*Your assignment*: The records that follow must be reproduced in full, exactly as written.

*Information provided*:
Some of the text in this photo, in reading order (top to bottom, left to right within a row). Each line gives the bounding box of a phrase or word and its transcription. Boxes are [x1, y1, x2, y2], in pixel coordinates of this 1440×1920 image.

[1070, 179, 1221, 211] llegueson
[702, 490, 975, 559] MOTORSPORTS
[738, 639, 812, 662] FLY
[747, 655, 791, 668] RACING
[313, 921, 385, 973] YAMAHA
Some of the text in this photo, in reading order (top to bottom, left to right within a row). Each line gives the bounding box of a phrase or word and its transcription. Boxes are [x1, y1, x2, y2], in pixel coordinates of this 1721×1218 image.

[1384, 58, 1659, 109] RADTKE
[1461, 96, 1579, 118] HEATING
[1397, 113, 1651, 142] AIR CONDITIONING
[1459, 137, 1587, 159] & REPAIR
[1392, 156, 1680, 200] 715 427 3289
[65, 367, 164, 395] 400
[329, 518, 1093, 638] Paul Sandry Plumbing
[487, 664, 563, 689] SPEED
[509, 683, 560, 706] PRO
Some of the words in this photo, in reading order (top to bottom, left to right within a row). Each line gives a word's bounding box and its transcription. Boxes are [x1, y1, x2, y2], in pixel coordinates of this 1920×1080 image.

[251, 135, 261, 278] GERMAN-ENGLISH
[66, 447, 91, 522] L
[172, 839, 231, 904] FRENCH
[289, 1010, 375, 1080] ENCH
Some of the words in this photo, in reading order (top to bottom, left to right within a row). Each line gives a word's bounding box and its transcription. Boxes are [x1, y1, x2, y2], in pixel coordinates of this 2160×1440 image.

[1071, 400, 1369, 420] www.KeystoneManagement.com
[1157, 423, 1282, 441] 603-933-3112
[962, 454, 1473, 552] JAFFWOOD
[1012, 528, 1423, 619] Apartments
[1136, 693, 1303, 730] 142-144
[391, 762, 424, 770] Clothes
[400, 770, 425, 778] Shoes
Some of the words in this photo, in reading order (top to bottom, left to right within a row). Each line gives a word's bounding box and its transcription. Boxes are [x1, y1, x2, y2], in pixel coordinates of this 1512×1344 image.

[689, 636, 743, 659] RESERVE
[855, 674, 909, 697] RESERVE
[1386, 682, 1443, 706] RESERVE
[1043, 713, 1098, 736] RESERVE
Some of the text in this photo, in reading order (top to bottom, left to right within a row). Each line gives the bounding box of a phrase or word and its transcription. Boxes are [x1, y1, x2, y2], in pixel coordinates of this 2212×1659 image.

*Result*:
Some of the text in this photo, in reading order (top to bottom, left to right within a row). Each line gives the bounding box of a phrase or word and its transcription. Boxes are [x1, y1, x2, y2], in pixel coordinates of this 1440×1920 image.

[1070, 179, 1221, 211] llegueson
[702, 490, 975, 559] MOTORSPORTS
[738, 639, 812, 662] FLY
[747, 655, 791, 668] RACING
[313, 921, 385, 973] YAMAHA
Some of the text in this photo, in reading order (top to bottom, left to right within a row). Each line gives the bounding box of a phrase or word and its transcription. Boxes are [x1, y1, x2, y2], in pixel coordinates of this 1721×1218 image.

[1384, 58, 1659, 109] RADTKE
[1461, 96, 1579, 118] HEATING
[1397, 113, 1651, 142] AIR CONDITIONING
[1459, 137, 1587, 159] & REPAIR
[1392, 156, 1680, 200] 715 427 3289
[65, 367, 164, 395] 400
[329, 518, 1093, 638] Paul Sandry Plumbing
[487, 664, 563, 689] SPEED
[509, 683, 560, 706] PRO
Some of the words in this photo, in reading order (top to bottom, left to right within a row). Each line gives a word's bounding box and its transcription. Boxes are [x1, y1, x2, y2], in pixel coordinates of this 1920×1080 image.

[251, 135, 261, 278] GERMAN-ENGLISH
[66, 447, 91, 522] L
[172, 839, 231, 904] FRENCH
[289, 1010, 375, 1080] ENCH
Some of the words in this photo, in reading order (top to bottom, left to right within a row). Each line gives a word's bounding box and its transcription. Boxes are [x1, y1, x2, y2], in pixel coordinates of this 2160×1440 image.

[1071, 400, 1369, 420] www.KeystoneManagement.com
[1157, 423, 1282, 441] 603-933-3112
[962, 454, 1473, 552] JAFFWOOD
[1012, 528, 1423, 619] Apartments
[1136, 693, 1303, 730] 142-144
[391, 762, 424, 770] Clothes
[400, 770, 425, 778] Shoes
Some of the words in this photo, in reading order (top to bottom, left to right within a row). Each line gives a word's bounding box and its transcription. Boxes are [x1, y1, x2, y2], in pixel coordinates of this 1512×1344 image.

[689, 636, 743, 659] RESERVE
[855, 674, 909, 697] RESERVE
[1386, 682, 1443, 706] RESERVE
[1043, 713, 1098, 736] RESERVE
Some of the text in this photo, in reading order (top to bottom, left to right within a row). Each line gives the bounding box of a phrase or word and its transcription. Boxes are [x1, y1, x2, y2], in pixel coordinates of this 2212×1659 image.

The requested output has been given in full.